[Items from a data source]
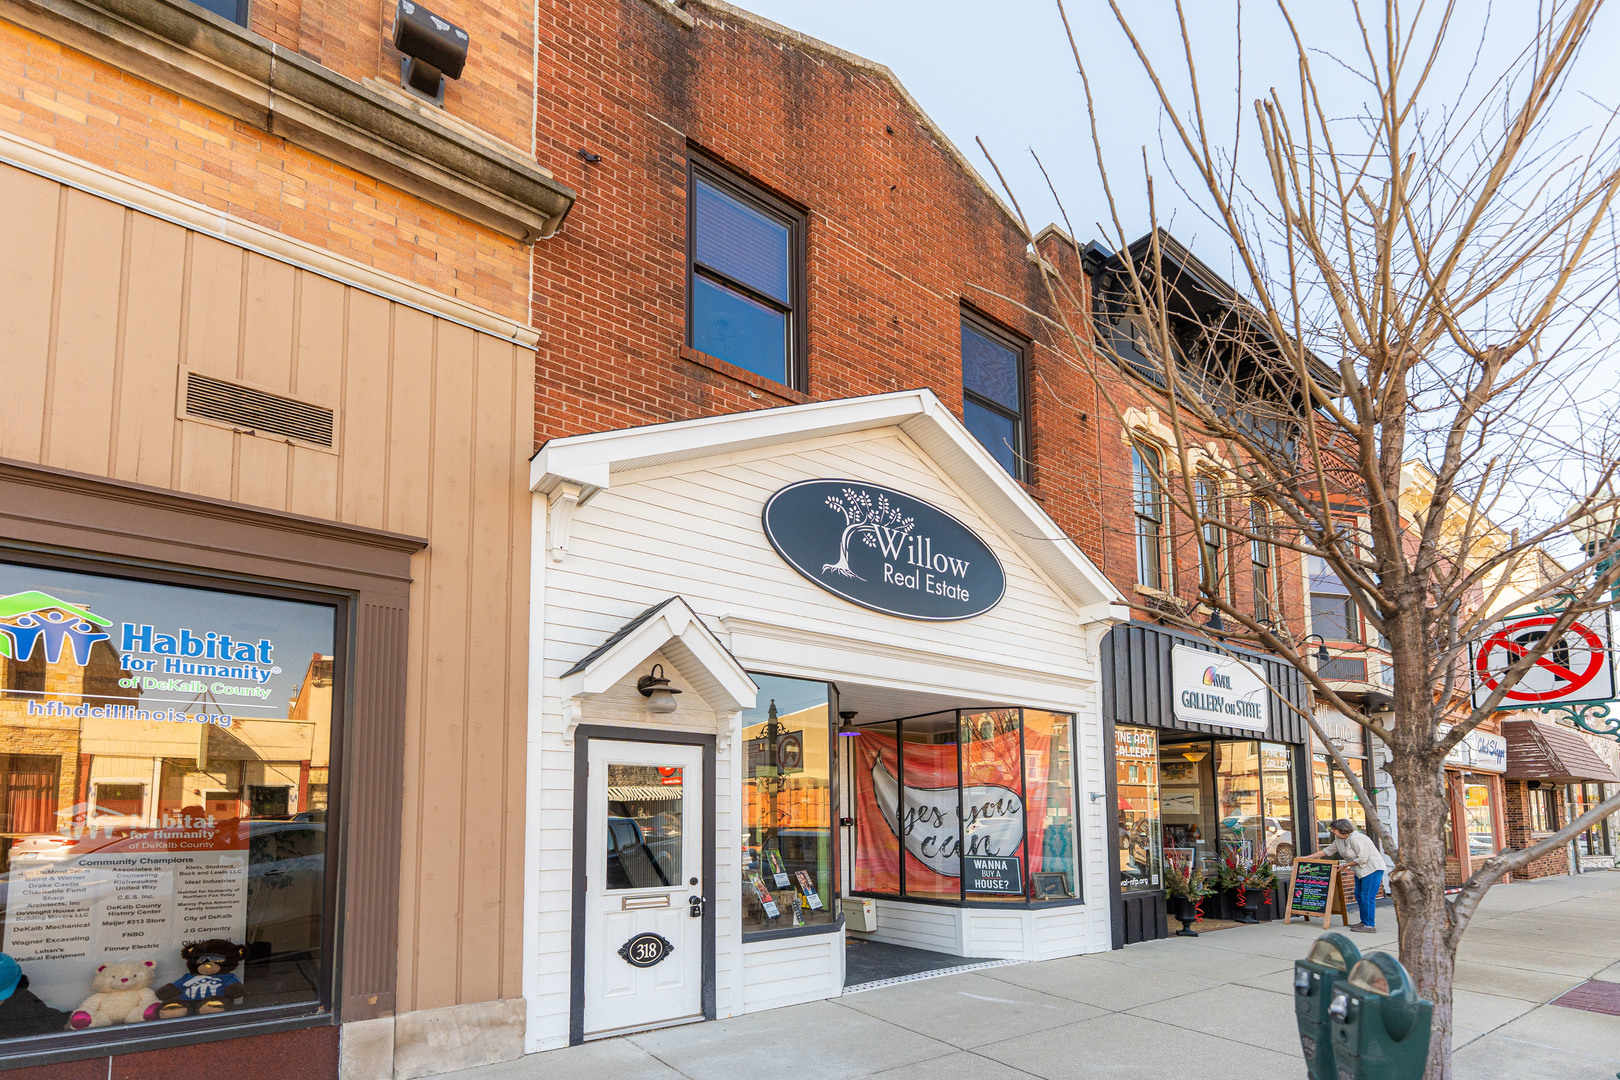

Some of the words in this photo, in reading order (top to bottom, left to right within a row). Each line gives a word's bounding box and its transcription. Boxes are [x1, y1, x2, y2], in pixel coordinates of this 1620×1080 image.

[870, 522, 970, 579] Willow
[883, 563, 920, 591] Real
[926, 574, 970, 602] Estate
[120, 621, 274, 665] Habitat
[120, 654, 157, 673] for
[118, 676, 140, 689] of
[142, 676, 208, 694] DeKalb
[210, 682, 272, 700] County
[27, 699, 232, 728] hfhdcillinois.org
[1181, 690, 1224, 714] GALLERY
[1236, 700, 1262, 720] STATE
[1134, 734, 1151, 745] ART
[896, 804, 948, 836] yes
[956, 798, 1021, 834] you
[130, 830, 150, 840] for
[128, 841, 139, 850] of
[142, 841, 178, 849] DeKalb
[920, 834, 1001, 859] can
[78, 858, 137, 866] Community
[973, 860, 1008, 870] WANNA
[974, 879, 1010, 890] HOUSE?
[46, 936, 90, 944] Excavating
[636, 942, 657, 960] 318
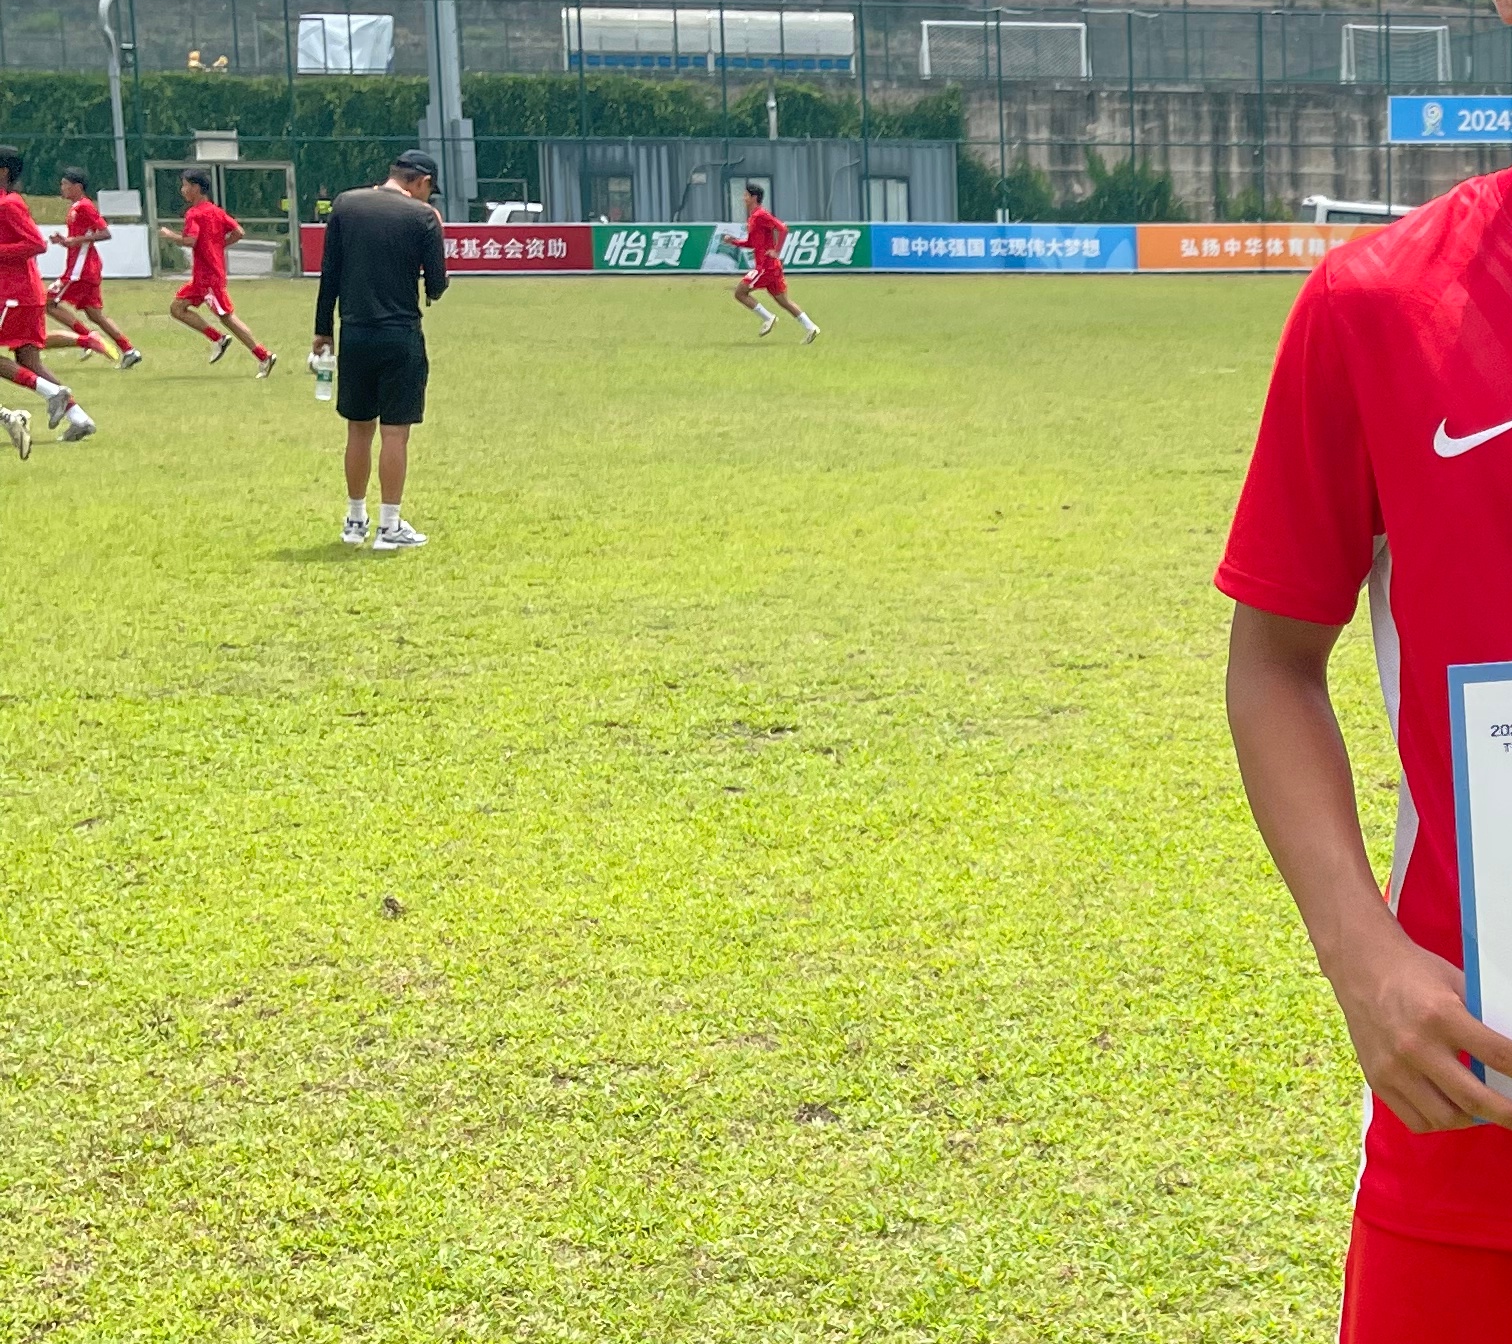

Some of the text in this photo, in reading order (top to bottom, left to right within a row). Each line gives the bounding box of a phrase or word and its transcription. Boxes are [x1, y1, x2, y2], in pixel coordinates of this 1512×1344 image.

[989, 237, 1100, 258] 实现伟大梦想

Your objective
Only one stretch of the data is wanted: the lines from the one with "Some of the text" through the last, repeated exactly.

Exercise response
Some of the text in this photo, in reading order (top to bottom, left to right within a row). Each line gives the bounding box of a phrase or word and its transcription. Boxes are [x1, y1, x2, y2], in pixel coordinates of this 1512×1344 image.

[989, 237, 1100, 258] 实现伟大梦想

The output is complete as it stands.